Afirma la trabajadora que, preocupada por este asunto, llamó a la Dirección Provincial de Educación, a la persona que atiende Asuntos Laborales. Esta quedó en darle respuesta, y aún la estaba esperando Idania cuando nos escribió el pasado 16 de abril.

La lectora también llamó al Sindicato Provincial de Trabajadores de Educación y habló con una compañera llamada Ana María, quien le dijo que le respondería, pero tampoco había cumplido ese compromiso cuando la trabajadora escribió a esta sección.

«De la Unidad Presupuestada Residencias —señala—, nadie de los que tienen que ver con mi problema han tenido la delicadeza de darme una explicación. Y yo pregunto: ¿Hasta cuándo los trabajadores vamos a seguir permitiendo esa irresponsabilidad de quienes nos dirigen? ¿Cómo es posible que tenga que esperar más de cuatro días después de la fecha de cobro, por ineficiencia de alguien?».

Especial la escuela, pobre el transporte

La educación especial goza de una gran atención docente y humana en Cuba, pero lamentablemente el servicio de transporte que en ocasiones se brinda a esos niños vulnerables, debido a limitaciones con que trabajan ciertas escuelas, no está a la altura de la grandeza de esas instituciones.

Lisandra Alcántara, quien reside en calle Patrocinio No. 358, entre Destrampes y Figueroa, en Víbora, tiene una hija con dificultades visuales que asiste a la  escuela especial 28 de Enero, que radica en el reparto El Roble, del municipio capitalino de Guanabacoa.

Cuenta Lisandra que en octubre y noviembre de 2013 comenzaron a presentarse serias dificultades con el traslado de esos pequeños, pues los ómnibus escolares que los transportan se rompen con frecuencia. Muchas veces hay que fusionar dos recorridos, que son extremadamente largos, y en consecuencia, los niños llegan muy tarde a sus aulas (nueve y diez de la mañana), y al final vuelven a su casa a las ocho y nueve de la noche.

En las reuniones con los padres ese es el plato fuerte, no solo por las molestias sino por el perjuicio que ello ocasiona al proceso docente-educativo. Y la Dirección de la escuela ha planteado el asunto a instancias superiores. La respuesta es que se va a resolver, pero ¿cuándo?

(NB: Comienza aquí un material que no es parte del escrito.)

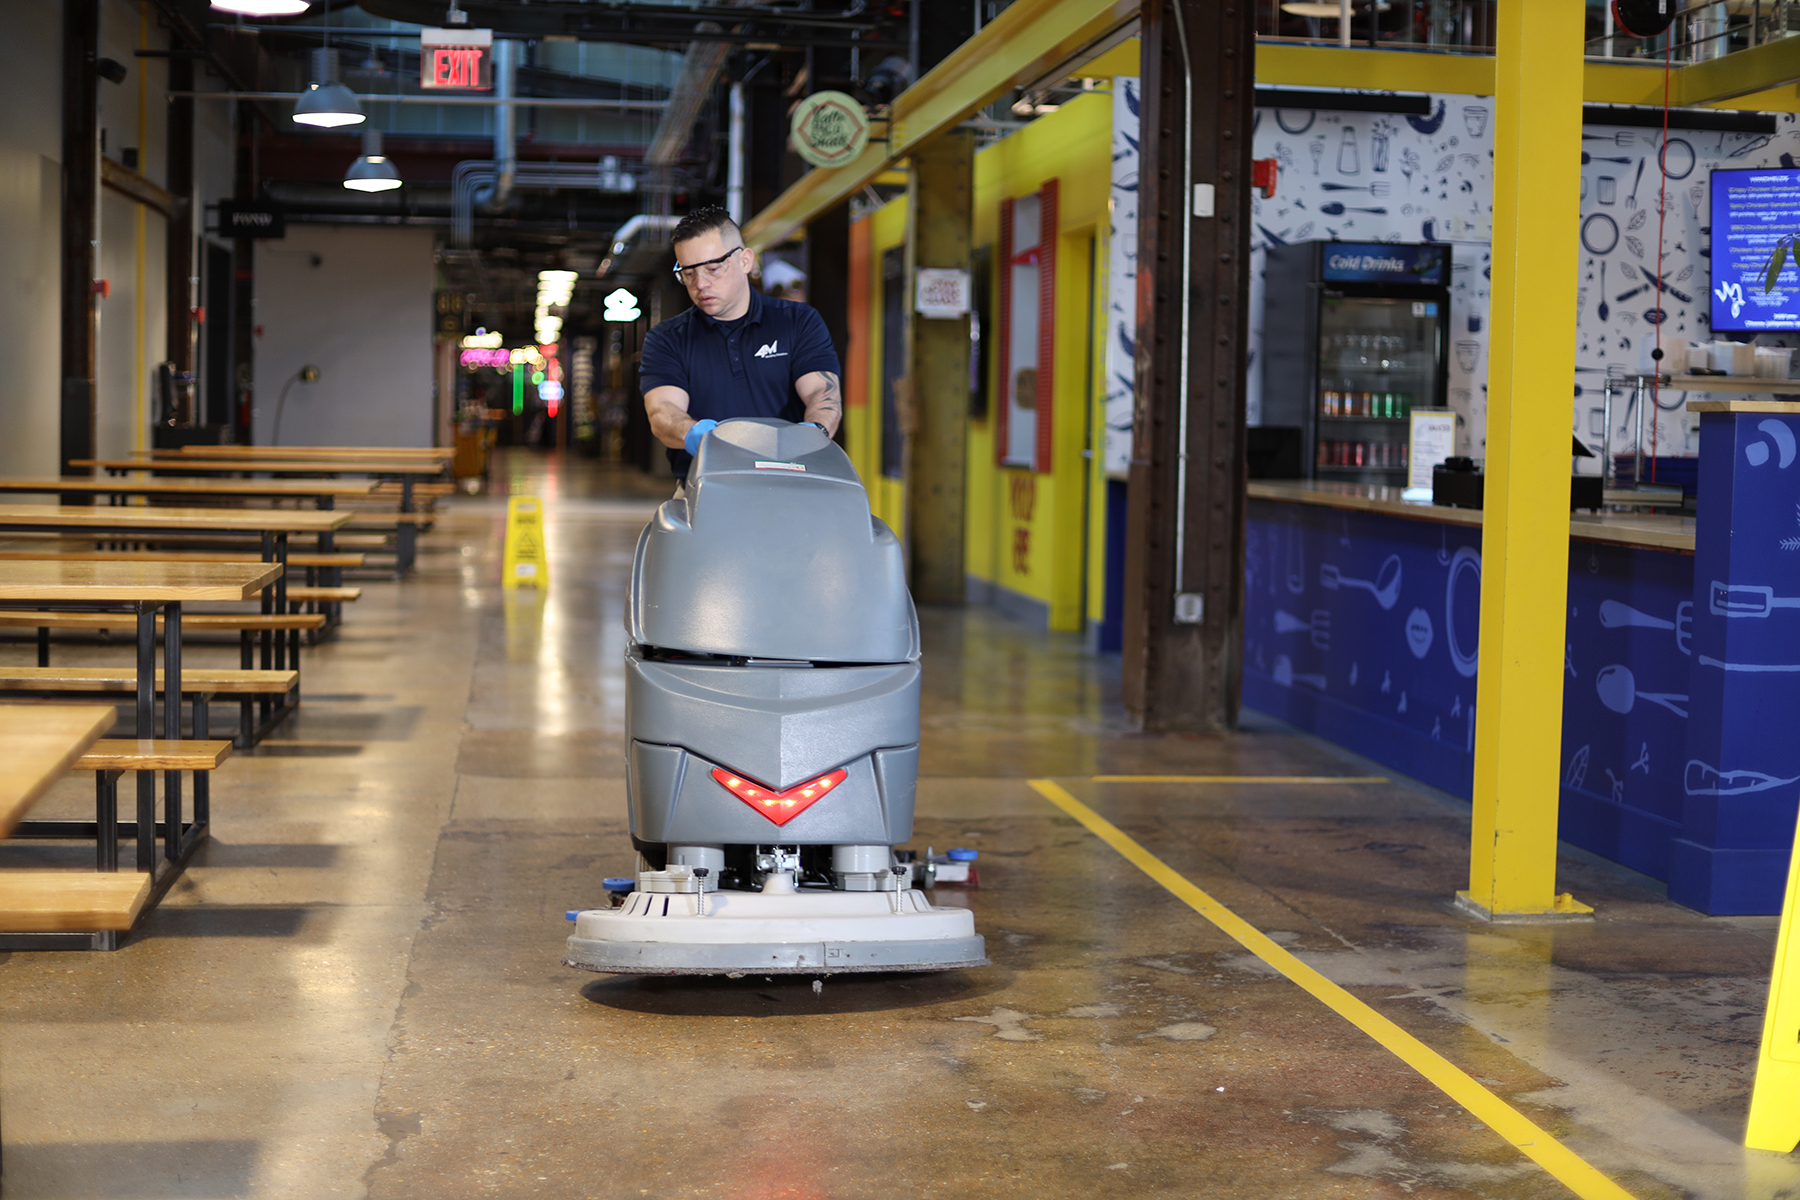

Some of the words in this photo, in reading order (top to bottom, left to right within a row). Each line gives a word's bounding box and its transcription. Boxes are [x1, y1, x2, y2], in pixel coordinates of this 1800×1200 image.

[434, 49, 483, 87] EXIT
[1329, 254, 1361, 271] Cold
[1361, 255, 1405, 272] Drinks

La Base de Transporte Escolar No. 4, de Guanabacoa, que tiene contrato con la escuela, alega que el parque de ómnibus es viejo y faltan las piezas. Los choferes muchas veces tienen que costear de sus bolsillos los arreglos.

Los padres —refiere Lisandra— tienen  temor, ya que los ómnibus están muy viejos y deteriorados, con la chapistería pésima, incluido el piso. Una instructora va al frente de los niños, los recoge y los cuida, pero la situación de los ómnibus es preocupante.

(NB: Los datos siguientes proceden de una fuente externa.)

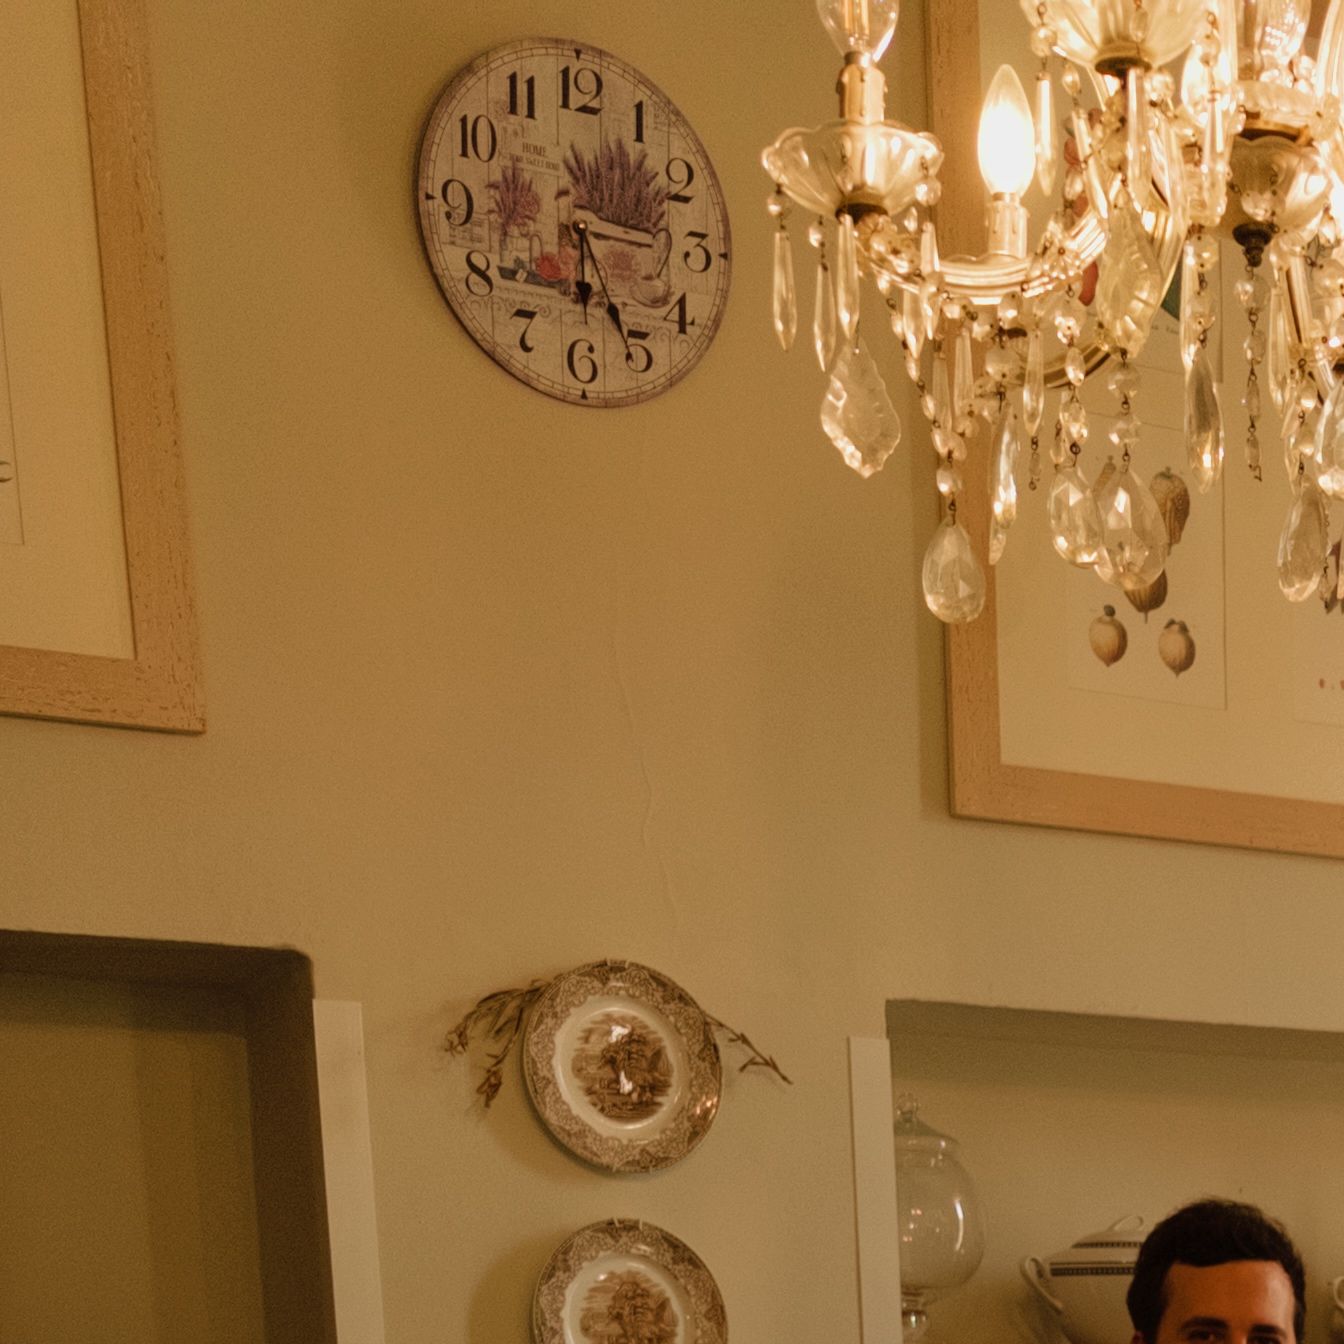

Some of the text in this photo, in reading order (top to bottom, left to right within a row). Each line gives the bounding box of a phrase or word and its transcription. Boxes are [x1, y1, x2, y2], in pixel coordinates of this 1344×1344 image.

[506, 71, 538, 121] 11
[559, 65, 604, 116] 12
[459, 114, 497, 163] 10
[633, 100, 645, 144] 1
[441, 179, 474, 227] 9
[665, 157, 695, 204] 2
[465, 250, 494, 297] 8
[684, 230, 712, 273] 3
[510, 308, 538, 353] 7
[663, 292, 695, 335] 4
[566, 339, 598, 384] 6
[625, 329, 653, 373] 5

«Lo ideal sería —apunta— disponer de una base de transporte que responda solamente a esas necesidades (...) Habría que buscarle alguna solución.

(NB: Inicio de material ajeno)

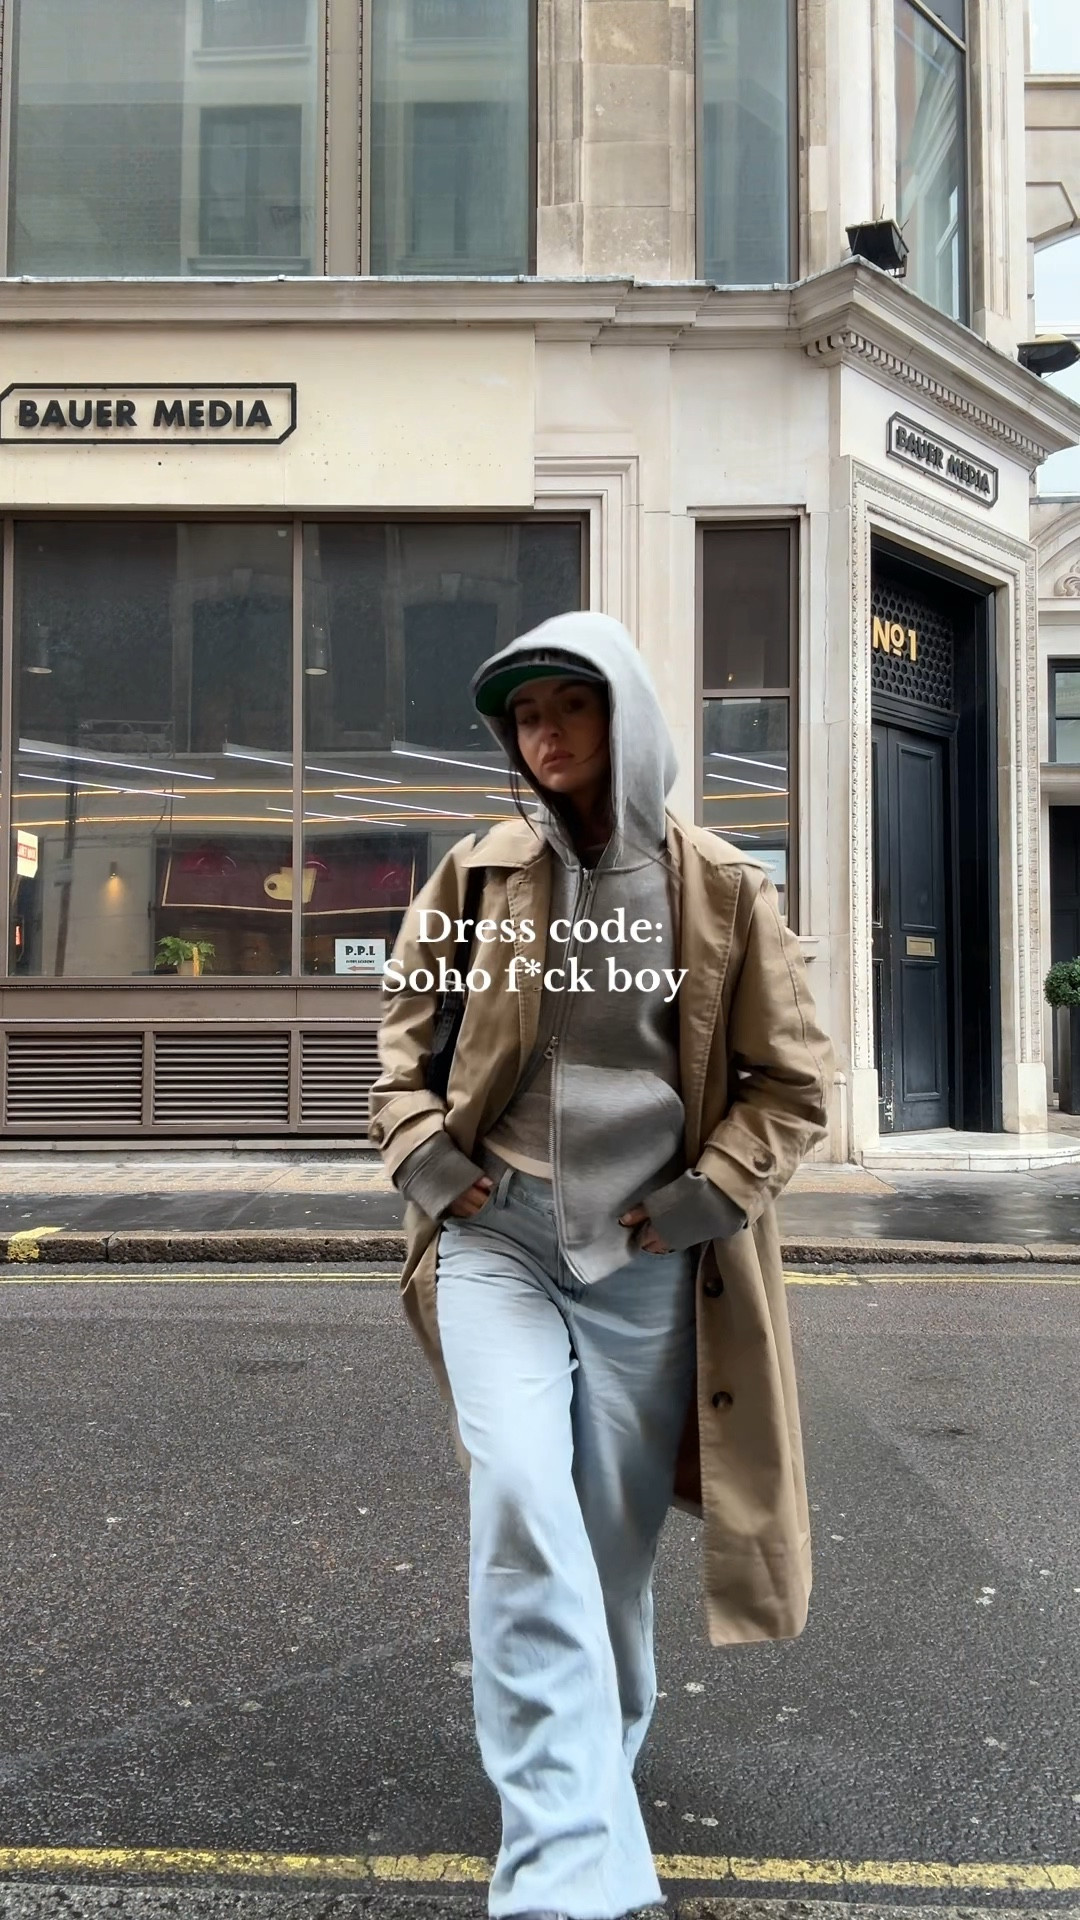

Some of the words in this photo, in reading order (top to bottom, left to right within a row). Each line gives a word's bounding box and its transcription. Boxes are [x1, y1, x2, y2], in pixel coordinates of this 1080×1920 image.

[18, 400, 138, 427] BAUER
[152, 400, 272, 427] MEDIA
[895, 425, 944, 470] BAUER
[946, 454, 991, 495] MEDIA
[345, 945, 376, 956] P.P.L

«En esas escuelas especiales los niños, además de recibir el contenido docente, hacen diariamente tratamiento para poder recuperar o mejorar sus capacidades. Surgieron precisamente para que estos pequeños no perdieran clases yendo diariamente a un centro de salud a atenderse. Mi intención es que se profundice en el tema», concluye Lisandra.